Red: he saw the badge and tried to pull from it; the badge of the second was green. It lowered its head, jaws wide, and the palps brushed his lips, his face.
And it drew back. “Jim,” it intoned.
He lived. The fact numbed him. He ceased to struggle, understanding nothing any longer.
“Meth-maren sendss,” red Warrior said.
“Let me go,” he asked then, his heart lurching a beat. “Let me go, Warrior; I’ll come with you.”
It released him. He clutched his injured arm and followed it, trailed by the green, down into the circle of the street, into the dark entry of the subway, into the deep places of the city, where no lights shone at all. At times he stumbled, blind, and his hands met bodies, yielding ones of majat-azi or the spiny hardness of majat. Chelae urged at him, hastening him, lifting him each time he fell.
Blue lights drifted toward him. At first he shrank from meeting them, not wanting delay, not wanting to be left: but he saw her bearing one of those lights, and he thrust his way free of the Warriors and ran, stumbling, toward her.
She met him, held him off at arm’s length to look at him. “You’re all right,” she said, a question in her impatient manner; but her voice trembled. There was Merry by her, and other faces that he knew.
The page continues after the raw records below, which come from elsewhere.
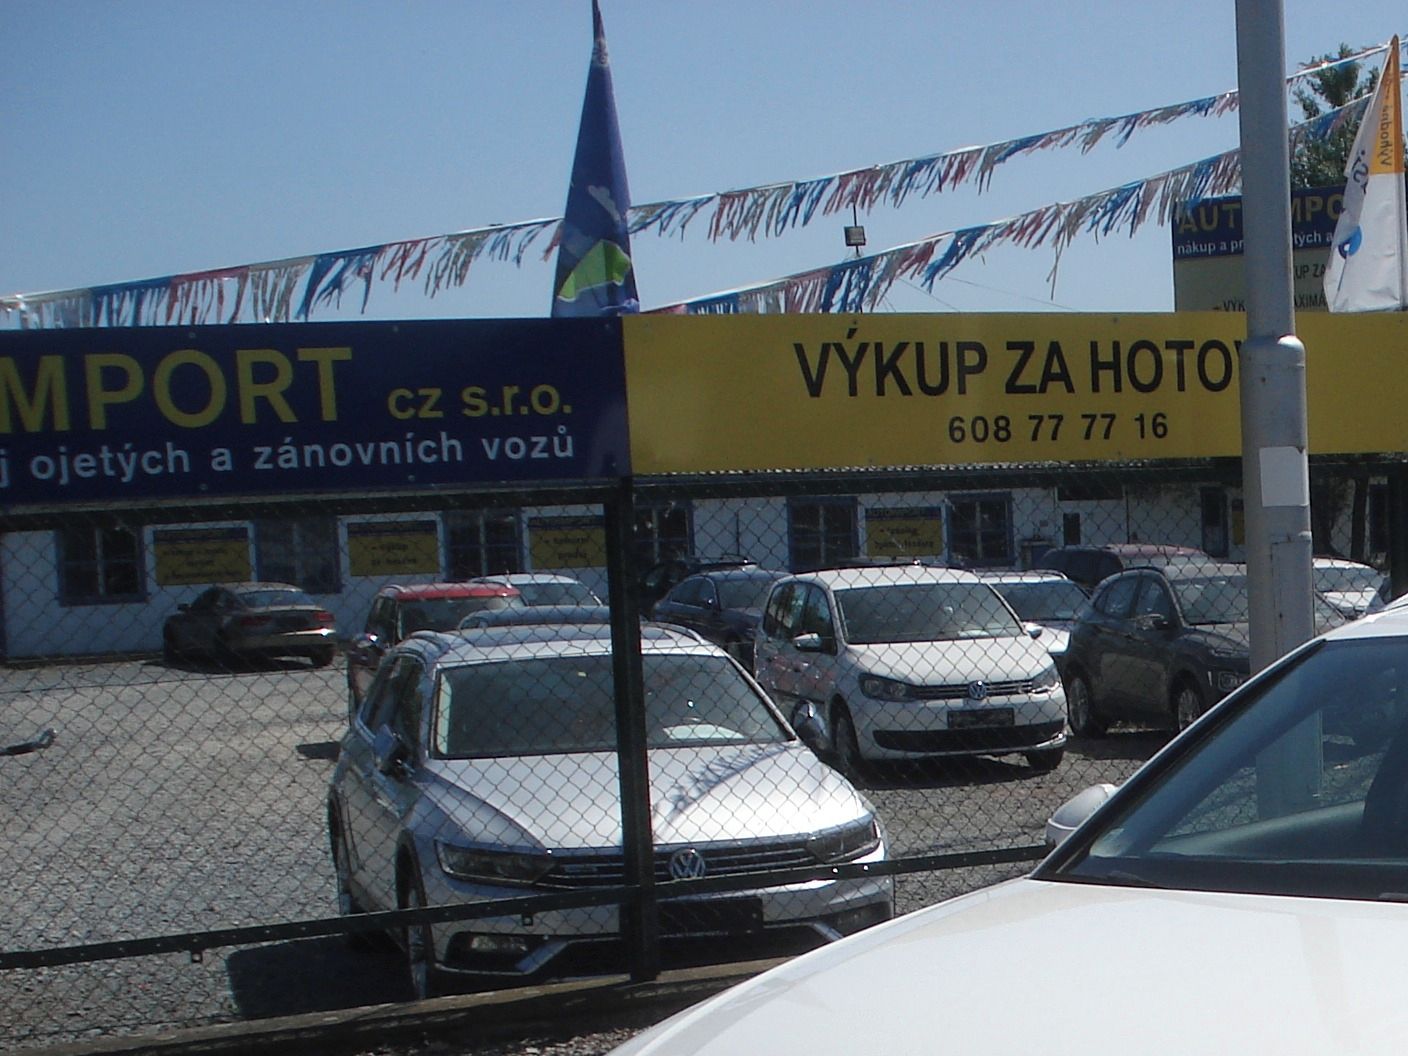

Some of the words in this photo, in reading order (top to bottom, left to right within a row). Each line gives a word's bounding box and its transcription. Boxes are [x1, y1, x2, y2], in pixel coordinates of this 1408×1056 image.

[1177, 240, 1216, 256] nákup
[1220, 241, 1228, 252] a
[793, 327, 988, 398] VÝKUP
[1005, 340, 1075, 394] ZA
[1089, 339, 1243, 393] HOTO
[387, 386, 444, 420] cz
[461, 384, 573, 417] s.r.o.
[948, 415, 1011, 443] 608
[1028, 413, 1064, 442] 77
[1081, 412, 1117, 440] 77
[1134, 411, 1169, 440] 16
[30, 442, 190, 486] ojetých
[210, 447, 233, 473] a
[254, 431, 463, 471] zánovních
[481, 424, 574, 460] vozů
She hugged him then, and he nearly wept for joy; but she did not know, he thought, the things that he must admit, the knowledge that he had stolen, the thing he had made of himself.
He tried to tell her. “I used all the tapes,” he said, “even the black ones. I didn’t know what else to do.” She touched his face and told him to be quiet, with a shift of her eyes toward Merry and the others.
“It’s ruined back there,” he said then. “Everything’s ruined. Where will we go now?”
“In, for a time. Till the cycle completes itself.” Her hand entwined with his: he felt the jewels rough and warm beneath his fingers. She gestured, walked with assurance the way from which she had come. Warriors walked about them; armed majat-azi followed. “It’s going to be a while before I think of outside, a long while, perhaps. Majat-time.”
“I’ve nineteen years,” he said, anticipating all of them, and well-content.
Her fingers tightened on his.
Soft singing filled the air, the peaceful sound of Workers, with the stirrings and movings of many bodies in the tunnels.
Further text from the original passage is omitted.